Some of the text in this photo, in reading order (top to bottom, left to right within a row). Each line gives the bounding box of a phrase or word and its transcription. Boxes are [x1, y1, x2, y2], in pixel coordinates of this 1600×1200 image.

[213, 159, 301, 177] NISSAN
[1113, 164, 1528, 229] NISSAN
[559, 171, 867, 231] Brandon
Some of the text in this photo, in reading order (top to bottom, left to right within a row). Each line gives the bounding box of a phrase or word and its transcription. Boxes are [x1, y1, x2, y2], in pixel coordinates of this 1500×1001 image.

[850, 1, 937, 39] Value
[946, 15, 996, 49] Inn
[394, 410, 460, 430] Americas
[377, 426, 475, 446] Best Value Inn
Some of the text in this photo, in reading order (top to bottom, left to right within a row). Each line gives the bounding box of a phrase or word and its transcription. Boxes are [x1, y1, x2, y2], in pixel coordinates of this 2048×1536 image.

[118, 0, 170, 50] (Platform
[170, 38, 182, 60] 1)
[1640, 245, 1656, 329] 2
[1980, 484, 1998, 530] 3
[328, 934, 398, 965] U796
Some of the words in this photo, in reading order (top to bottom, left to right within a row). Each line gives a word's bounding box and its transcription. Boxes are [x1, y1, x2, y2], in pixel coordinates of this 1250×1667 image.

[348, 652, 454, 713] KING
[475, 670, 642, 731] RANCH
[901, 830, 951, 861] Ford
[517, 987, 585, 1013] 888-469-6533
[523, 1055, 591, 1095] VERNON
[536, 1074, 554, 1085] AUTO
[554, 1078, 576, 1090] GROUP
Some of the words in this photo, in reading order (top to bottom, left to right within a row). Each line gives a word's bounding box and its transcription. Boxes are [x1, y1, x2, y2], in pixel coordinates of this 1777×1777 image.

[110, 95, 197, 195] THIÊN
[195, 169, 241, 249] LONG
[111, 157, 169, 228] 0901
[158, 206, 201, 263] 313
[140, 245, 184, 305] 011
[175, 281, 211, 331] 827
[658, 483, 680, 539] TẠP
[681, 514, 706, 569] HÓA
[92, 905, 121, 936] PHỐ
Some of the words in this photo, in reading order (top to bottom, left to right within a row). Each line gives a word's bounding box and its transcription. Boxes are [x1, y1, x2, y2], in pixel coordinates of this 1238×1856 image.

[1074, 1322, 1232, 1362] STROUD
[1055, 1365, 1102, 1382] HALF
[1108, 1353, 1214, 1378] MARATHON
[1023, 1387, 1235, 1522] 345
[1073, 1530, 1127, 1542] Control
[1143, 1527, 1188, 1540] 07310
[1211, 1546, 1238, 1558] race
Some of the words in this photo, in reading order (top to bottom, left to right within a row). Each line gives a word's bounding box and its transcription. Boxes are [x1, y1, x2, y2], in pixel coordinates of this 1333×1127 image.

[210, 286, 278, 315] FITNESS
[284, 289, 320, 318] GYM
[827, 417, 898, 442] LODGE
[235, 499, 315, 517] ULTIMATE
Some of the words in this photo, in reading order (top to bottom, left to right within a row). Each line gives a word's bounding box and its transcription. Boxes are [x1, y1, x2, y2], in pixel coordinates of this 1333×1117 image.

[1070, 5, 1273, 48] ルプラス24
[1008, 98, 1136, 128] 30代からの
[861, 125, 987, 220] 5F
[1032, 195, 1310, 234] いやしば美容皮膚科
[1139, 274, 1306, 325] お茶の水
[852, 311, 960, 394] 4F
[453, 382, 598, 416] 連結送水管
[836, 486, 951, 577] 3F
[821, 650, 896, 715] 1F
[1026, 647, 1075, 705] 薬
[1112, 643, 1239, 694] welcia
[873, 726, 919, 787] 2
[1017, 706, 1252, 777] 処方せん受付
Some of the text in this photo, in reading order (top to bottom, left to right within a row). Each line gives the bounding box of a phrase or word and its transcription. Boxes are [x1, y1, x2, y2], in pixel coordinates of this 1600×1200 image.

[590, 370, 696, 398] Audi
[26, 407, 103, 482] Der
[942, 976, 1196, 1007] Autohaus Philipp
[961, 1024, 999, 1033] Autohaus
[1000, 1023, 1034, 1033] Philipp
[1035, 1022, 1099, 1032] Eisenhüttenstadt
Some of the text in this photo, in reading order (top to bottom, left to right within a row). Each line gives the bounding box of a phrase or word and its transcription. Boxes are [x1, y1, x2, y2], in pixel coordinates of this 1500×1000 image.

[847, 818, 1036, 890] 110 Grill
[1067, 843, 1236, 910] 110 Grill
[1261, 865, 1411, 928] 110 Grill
·····
**Problem to solve**
The data above must be restated word for word.

**Answer for the task**
Some of the text in this photo, in reading order (top to bottom, left to right within a row). Each line gives the bounding box of a phrase or word and its transcription. Boxes are [x1, y1, x2, y2], in pixel coordinates of this 1600×1200 image.

[213, 159, 301, 177] NISSAN
[1113, 164, 1528, 229] NISSAN
[559, 171, 867, 231] Brandon
Some of the text in this photo, in reading order (top to bottom, left to right within a row). Each line gives the bounding box of a phrase or word and its transcription. Boxes are [x1, y1, x2, y2], in pixel coordinates of this 1500×1001 image.

[850, 1, 937, 39] Value
[946, 15, 996, 49] Inn
[394, 410, 460, 430] Americas
[377, 426, 475, 446] Best Value Inn
Some of the text in this photo, in reading order (top to bottom, left to right within a row). Each line gives the bounding box of a phrase or word and its transcription. Boxes are [x1, y1, x2, y2], in pixel coordinates of this 2048×1536 image.

[118, 0, 170, 50] (Platform
[170, 38, 182, 60] 1)
[1640, 245, 1656, 329] 2
[1980, 484, 1998, 530] 3
[328, 934, 398, 965] U796
Some of the words in this photo, in reading order (top to bottom, left to right within a row). Each line gives a word's bounding box and its transcription. Boxes are [x1, y1, x2, y2], in pixel coordinates of this 1250×1667 image.

[348, 652, 454, 713] KING
[475, 670, 642, 731] RANCH
[901, 830, 951, 861] Ford
[517, 987, 585, 1013] 888-469-6533
[523, 1055, 591, 1095] VERNON
[536, 1074, 554, 1085] AUTO
[554, 1078, 576, 1090] GROUP
Some of the words in this photo, in reading order (top to bottom, left to right within a row). Each line gives a word's bounding box and its transcription. Boxes are [x1, y1, x2, y2], in pixel coordinates of this 1777×1777 image.

[110, 95, 197, 195] THIÊN
[195, 169, 241, 249] LONG
[111, 157, 169, 228] 0901
[158, 206, 201, 263] 313
[140, 245, 184, 305] 011
[175, 281, 211, 331] 827
[658, 483, 680, 539] TẠP
[681, 514, 706, 569] HÓA
[92, 905, 121, 936] PHỐ
Some of the words in this photo, in reading order (top to bottom, left to right within a row). Each line gives a word's bounding box and its transcription. Boxes are [x1, y1, x2, y2], in pixel coordinates of this 1238×1856 image.

[1074, 1322, 1232, 1362] STROUD
[1055, 1365, 1102, 1382] HALF
[1108, 1353, 1214, 1378] MARATHON
[1023, 1387, 1235, 1522] 345
[1073, 1530, 1127, 1542] Control
[1143, 1527, 1188, 1540] 07310
[1211, 1546, 1238, 1558] race
Some of the words in this photo, in reading order (top to bottom, left to right within a row). Each line gives a word's bounding box and its transcription. Boxes are [x1, y1, x2, y2], in pixel coordinates of this 1333×1127 image.

[210, 286, 278, 315] FITNESS
[284, 289, 320, 318] GYM
[827, 417, 898, 442] LODGE
[235, 499, 315, 517] ULTIMATE
Some of the words in this photo, in reading order (top to bottom, left to right within a row). Each line gives a word's bounding box and its transcription. Boxes are [x1, y1, x2, y2], in pixel coordinates of this 1333×1117 image.

[1070, 5, 1273, 48] ルプラス24
[1008, 98, 1136, 128] 30代からの
[861, 125, 987, 220] 5F
[1032, 195, 1310, 234] いやしば美容皮膚科
[1139, 274, 1306, 325] お茶の水
[852, 311, 960, 394] 4F
[453, 382, 598, 416] 連結送水管
[836, 486, 951, 577] 3F
[821, 650, 896, 715] 1F
[1026, 647, 1075, 705] 薬
[1112, 643, 1239, 694] welcia
[873, 726, 919, 787] 2
[1017, 706, 1252, 777] 処方せん受付
Some of the text in this photo, in reading order (top to bottom, left to right within a row). Each line gives the bounding box of a phrase or word and its transcription. Boxes are [x1, y1, x2, y2], in pixel coordinates of this 1600×1200 image.

[590, 370, 696, 398] Audi
[26, 407, 103, 482] Der
[942, 976, 1196, 1007] Autohaus Philipp
[961, 1024, 999, 1033] Autohaus
[1000, 1023, 1034, 1033] Philipp
[1035, 1022, 1099, 1032] Eisenhüttenstadt
Some of the text in this photo, in reading order (top to bottom, left to right within a row). Each line gives the bounding box of a phrase or word and its transcription. Boxes are [x1, y1, x2, y2], in pixel coordinates of this 1500×1000 image.

[847, 818, 1036, 890] 110 Grill
[1067, 843, 1236, 910] 110 Grill
[1261, 865, 1411, 928] 110 Grill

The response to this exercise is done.